Output the listing exactly as written, apart from its pictures.

Data under study:
%%

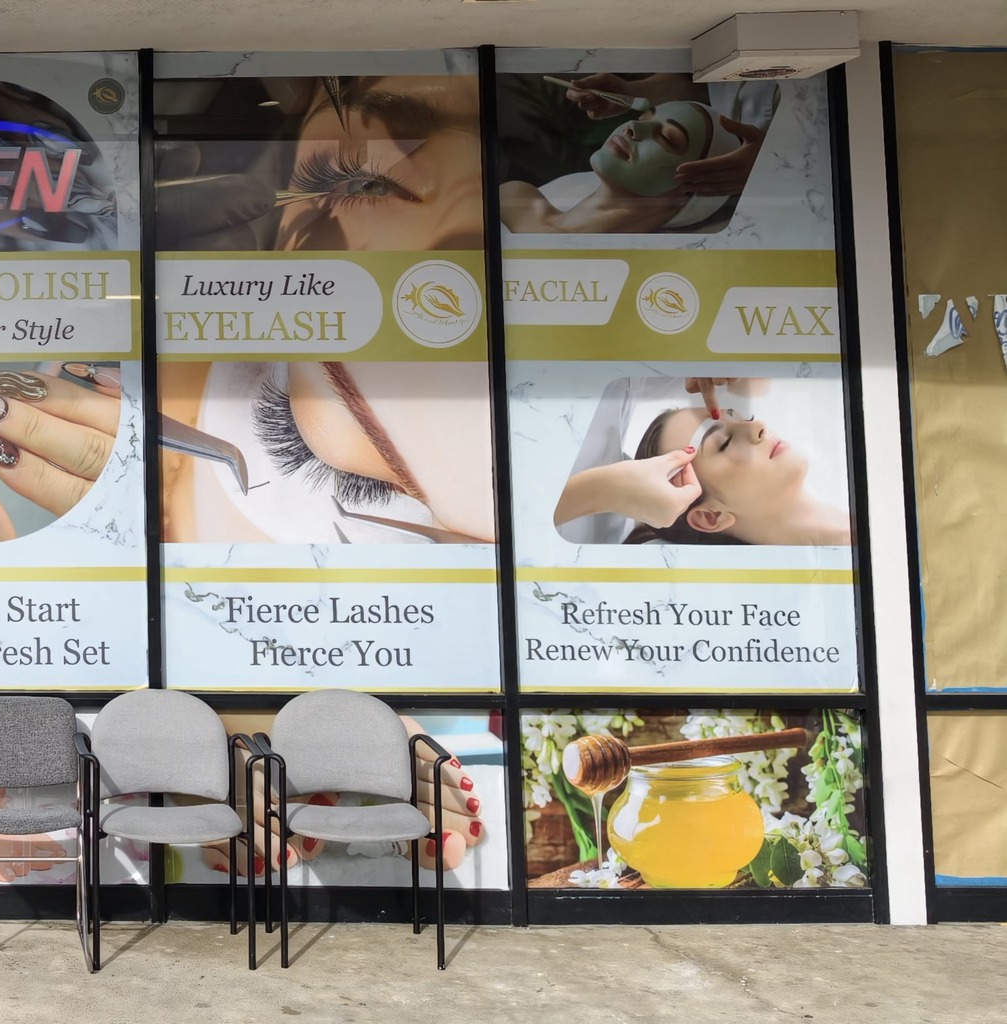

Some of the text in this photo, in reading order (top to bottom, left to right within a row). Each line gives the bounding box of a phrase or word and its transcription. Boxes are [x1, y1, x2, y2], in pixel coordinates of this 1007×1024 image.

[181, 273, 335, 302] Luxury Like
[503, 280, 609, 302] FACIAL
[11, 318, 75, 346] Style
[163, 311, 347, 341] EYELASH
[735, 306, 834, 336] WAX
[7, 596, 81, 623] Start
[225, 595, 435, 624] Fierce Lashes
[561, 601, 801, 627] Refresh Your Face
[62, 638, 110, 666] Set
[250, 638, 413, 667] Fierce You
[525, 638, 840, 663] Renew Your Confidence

%%

Output for this task:
Some of the text in this photo, in reading order (top to bottom, left to right within a row). Each line gives the bounding box of a phrase or word and its transcription. Boxes are [x1, y1, x2, y2], in pixel coordinates of this 1007×1024 image.

[181, 273, 335, 302] Luxury Like
[503, 280, 609, 302] FACIAL
[11, 318, 75, 346] Style
[163, 311, 347, 341] EYELASH
[735, 306, 834, 336] WAX
[7, 596, 81, 623] Start
[225, 595, 435, 624] Fierce Lashes
[561, 601, 801, 627] Refresh Your Face
[62, 638, 110, 666] Set
[250, 638, 413, 667] Fierce You
[525, 638, 840, 663] Renew Your Confidence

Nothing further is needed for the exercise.